■ **ACTIVITY**:
For every line below, output the text exactly and leave out images.

Image-backed grounding data:
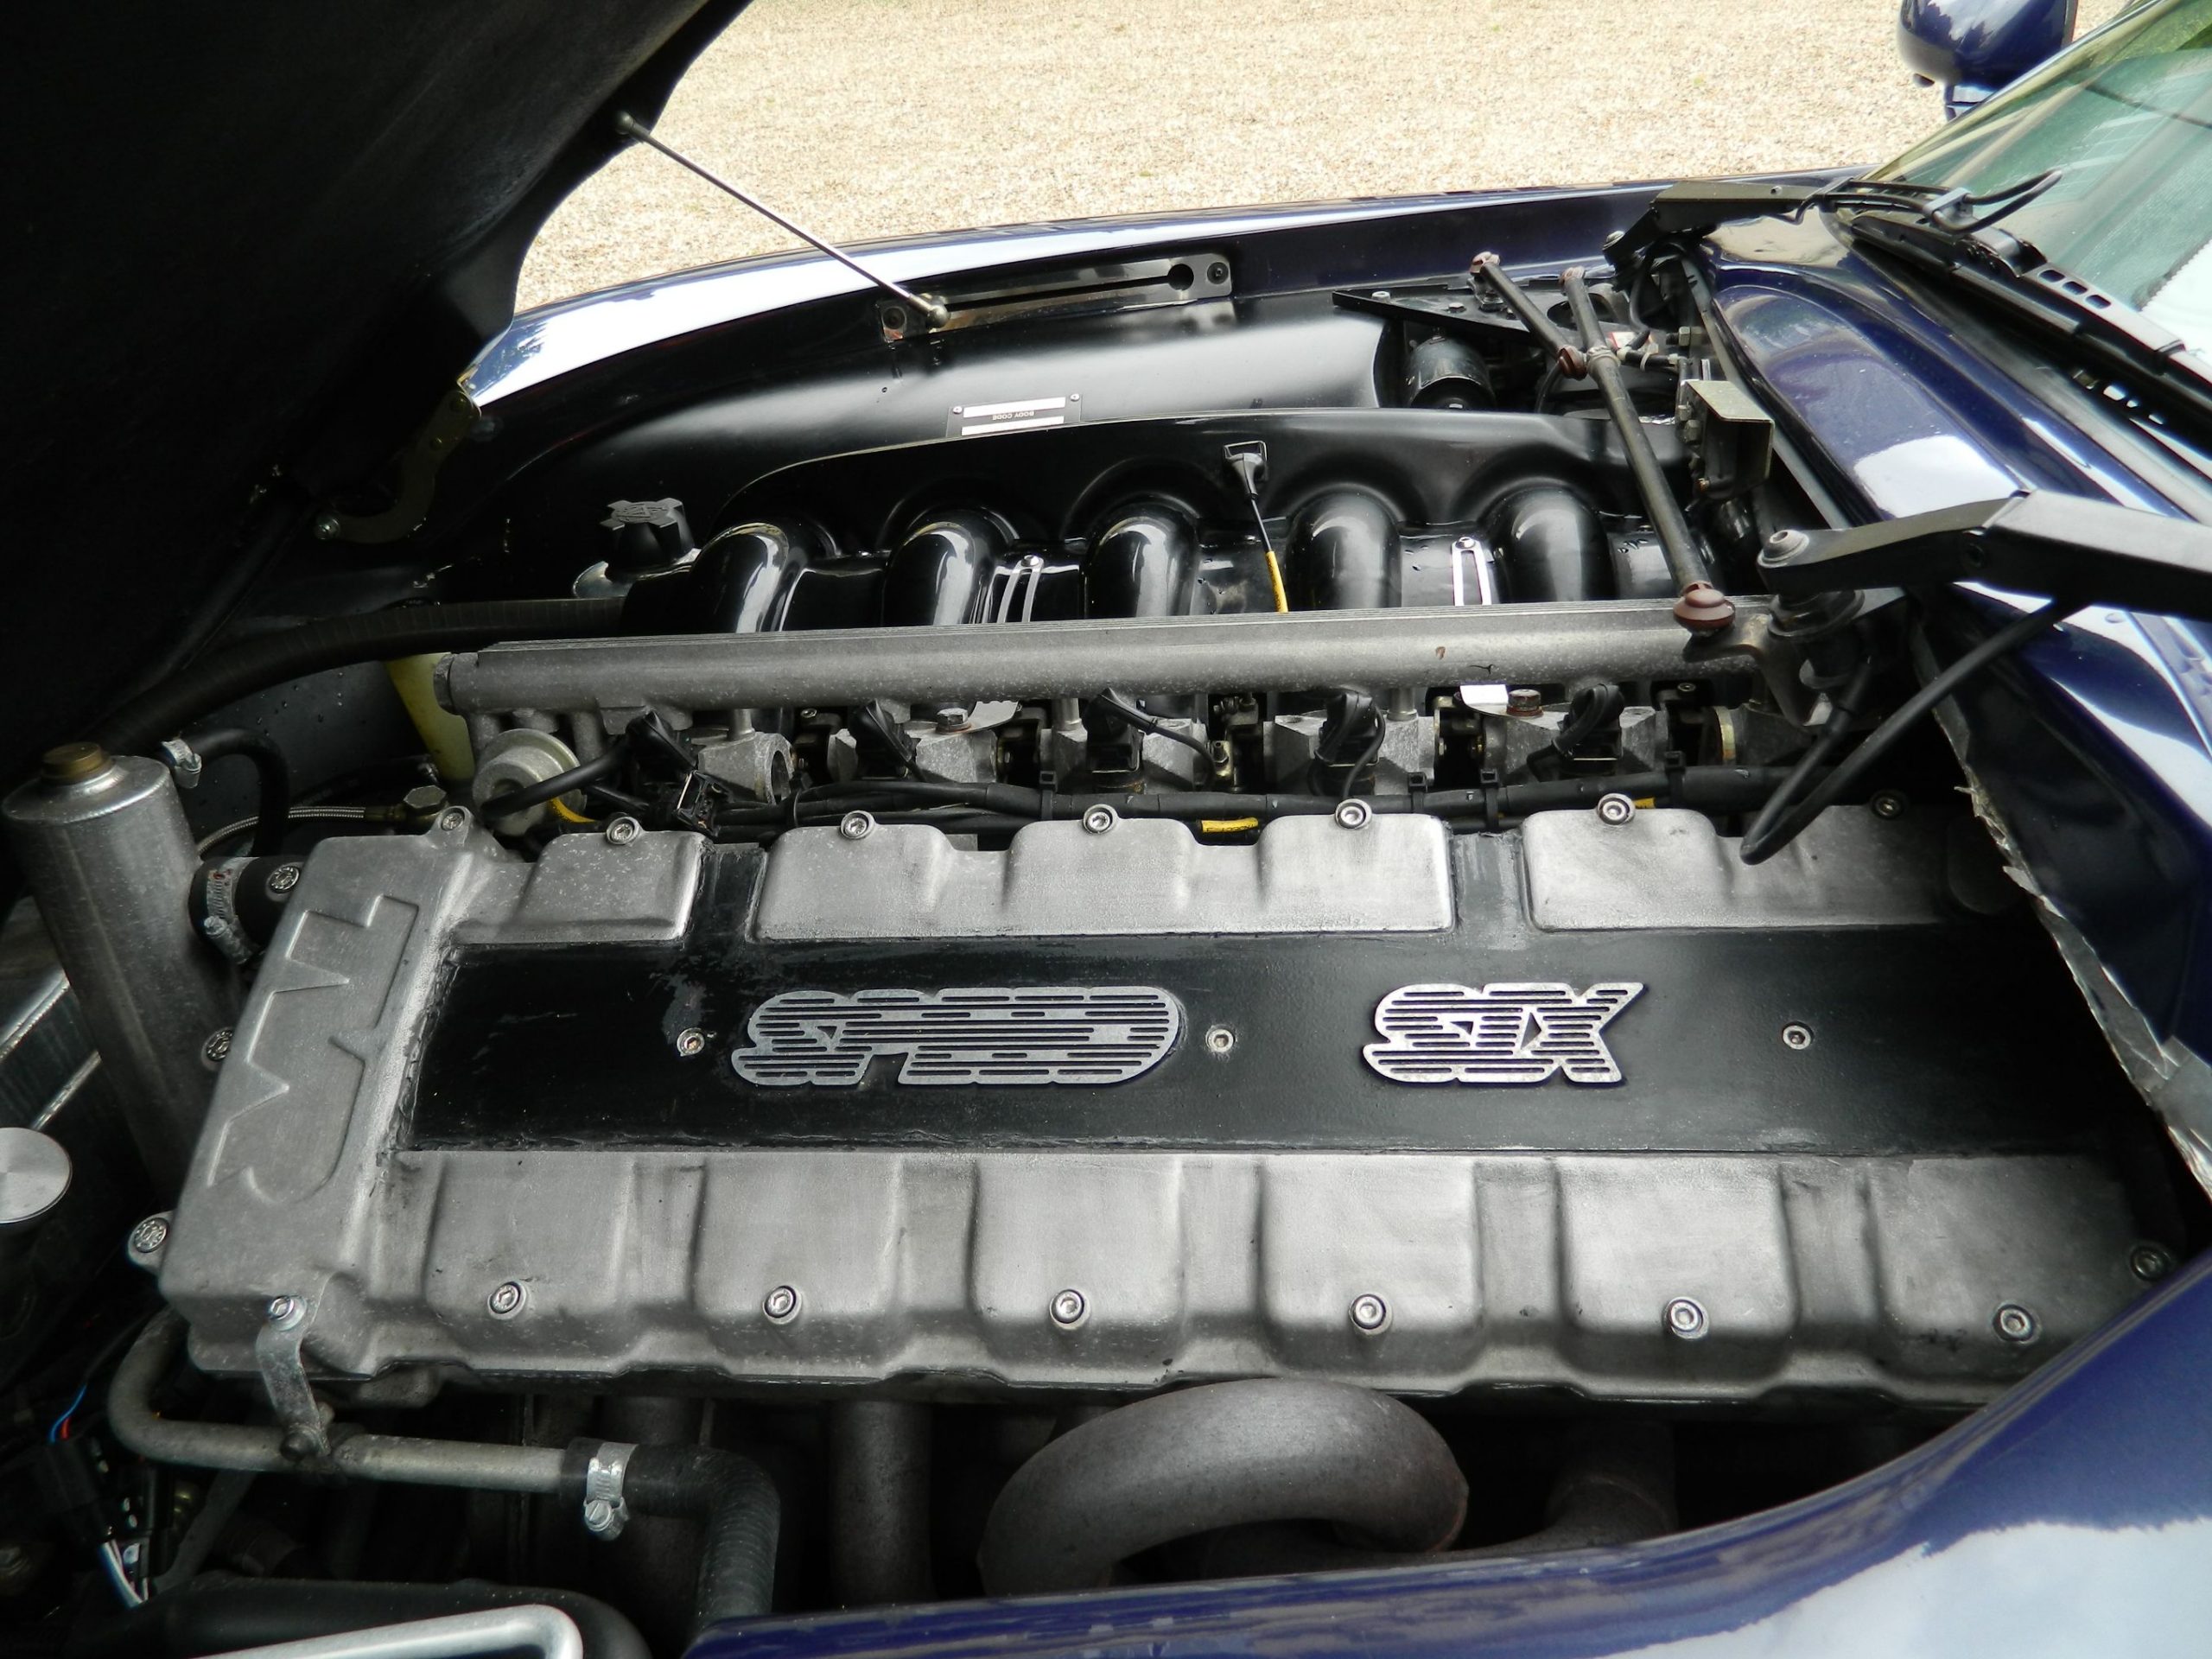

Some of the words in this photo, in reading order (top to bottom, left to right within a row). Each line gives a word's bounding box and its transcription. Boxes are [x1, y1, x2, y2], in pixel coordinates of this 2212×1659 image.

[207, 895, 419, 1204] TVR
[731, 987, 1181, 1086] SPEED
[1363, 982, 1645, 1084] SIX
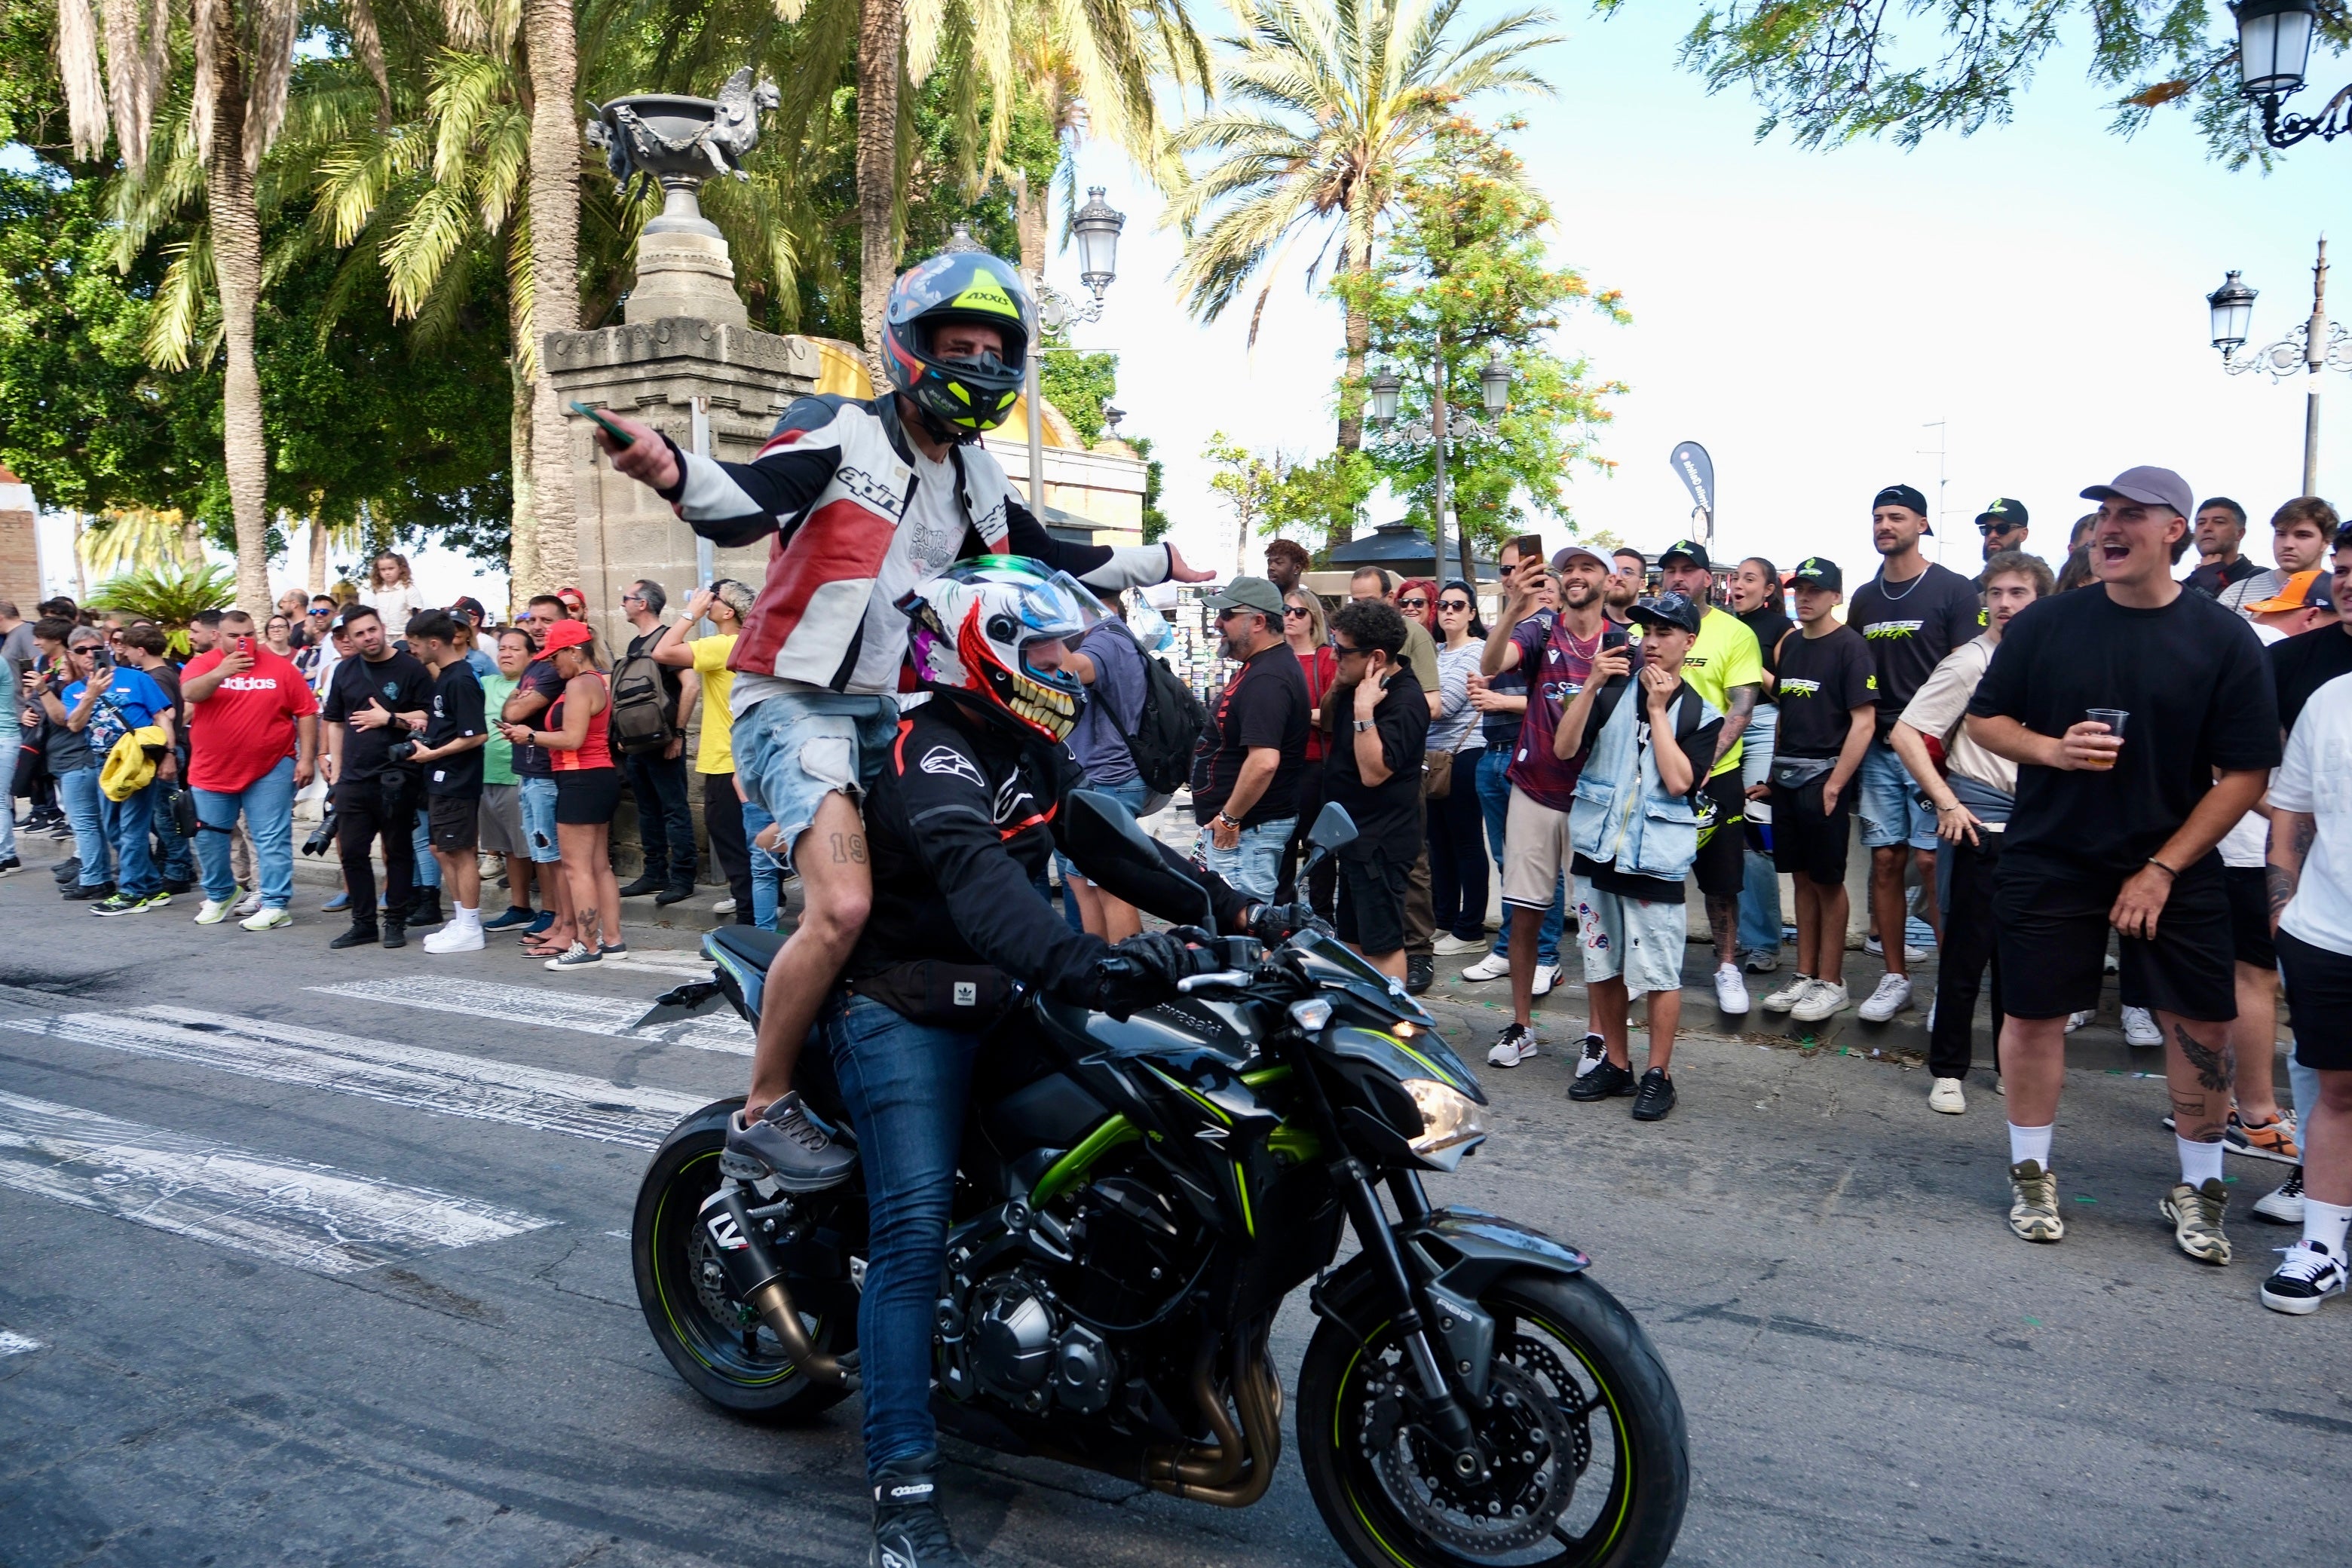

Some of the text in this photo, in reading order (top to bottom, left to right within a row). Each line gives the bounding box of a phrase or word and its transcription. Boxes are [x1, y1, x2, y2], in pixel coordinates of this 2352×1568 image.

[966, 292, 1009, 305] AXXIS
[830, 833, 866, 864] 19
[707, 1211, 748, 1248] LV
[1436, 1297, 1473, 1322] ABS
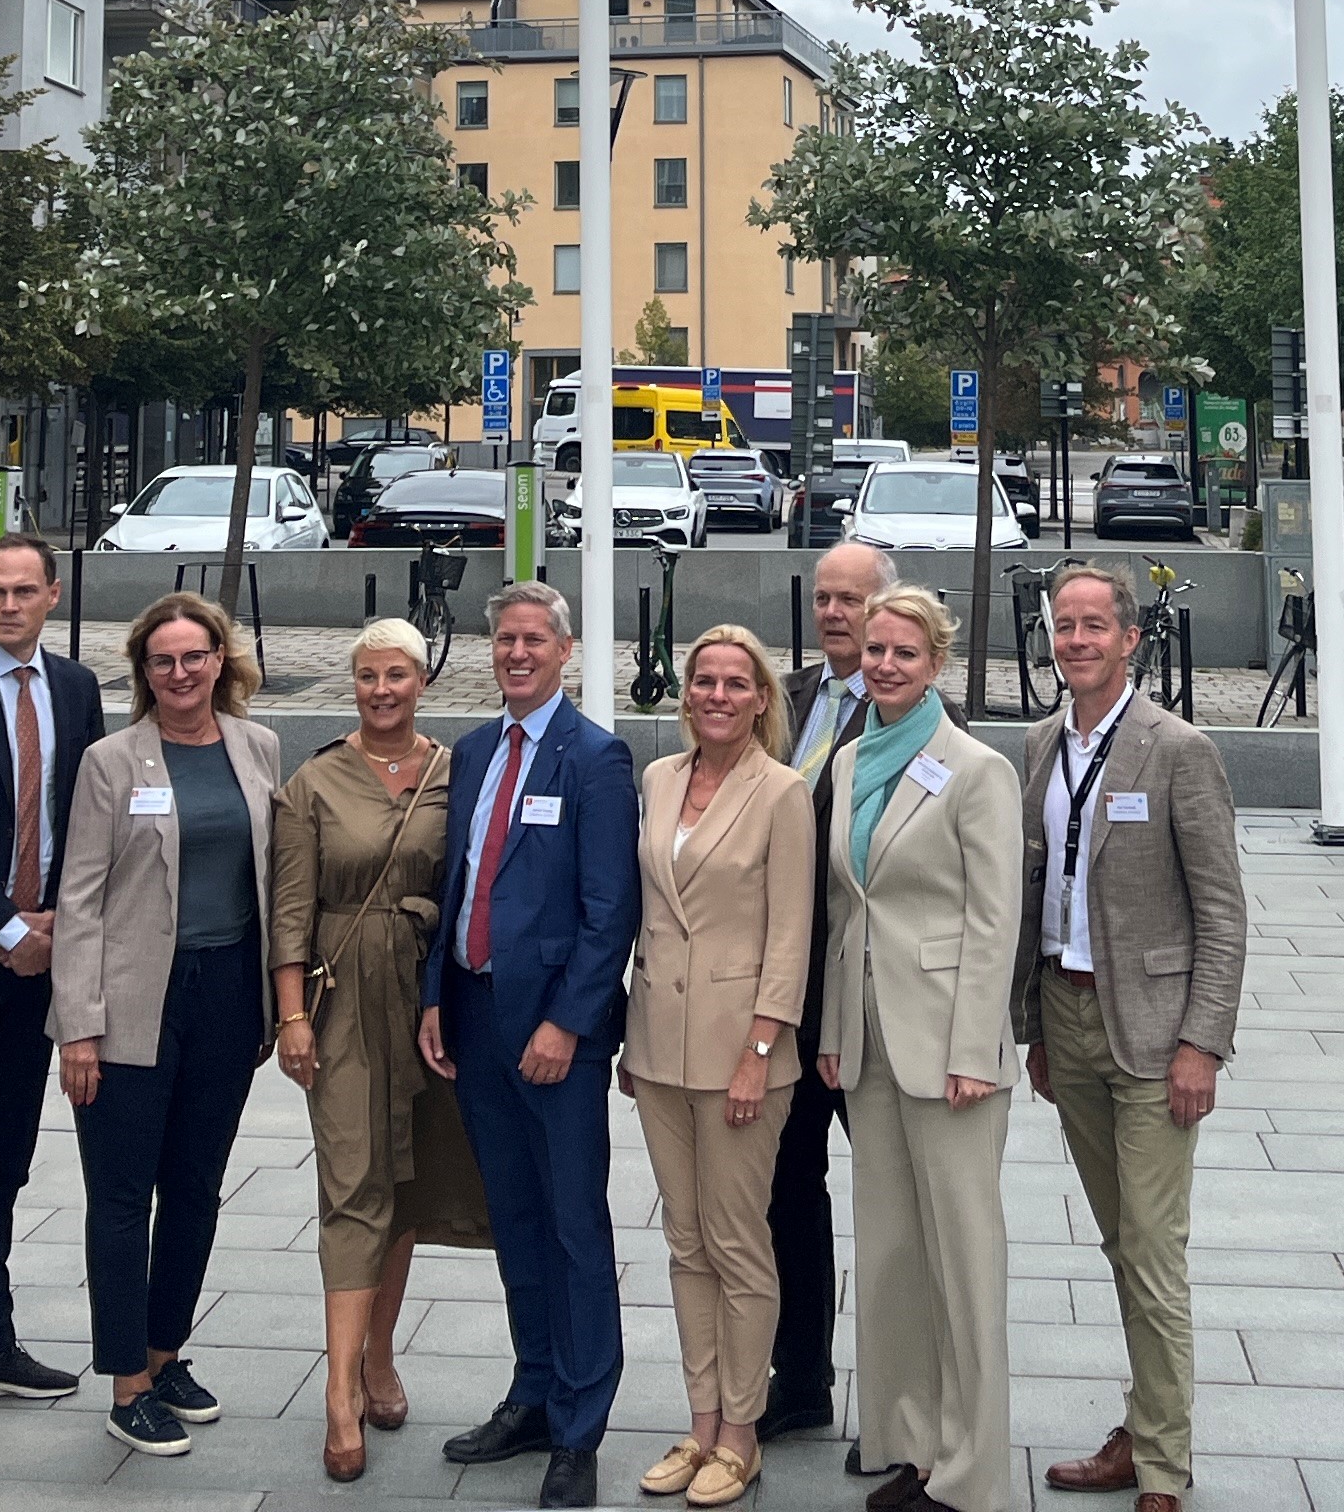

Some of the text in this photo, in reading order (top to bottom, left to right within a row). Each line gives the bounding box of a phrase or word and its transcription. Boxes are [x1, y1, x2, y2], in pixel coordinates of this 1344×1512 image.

■ **RESULT**:
Some of the words in this photo, in reading order (top to bottom, left to right within a row). Each line gives a word's bounding box and its transcription. Boxes are [x1, y1, x2, y2], in pixel coordinates of this 2212×1659 image.

[207, 895, 419, 1204] TVR
[731, 987, 1181, 1086] SPEED
[1363, 982, 1645, 1084] SIX

Some of the text in this photo, in reading order (top to bottom, left to right within a row). Each line gives the bounding box of a phrase or word and its transcription. Boxes are [x1, y1, x2, y2], in pixel coordinates of this 2352×1568 image.

[966, 292, 1009, 305] AXXIS
[830, 833, 866, 864] 19
[707, 1211, 748, 1248] LV
[1436, 1297, 1473, 1322] ABS

Some of the text in this photo, in reading order (top to bottom, left to right within a row). Each line gives the bounding box of a phrase or word and its transcription. Boxes are [x1, y1, x2, y2], in pixel coordinates of this 1344×1512 image.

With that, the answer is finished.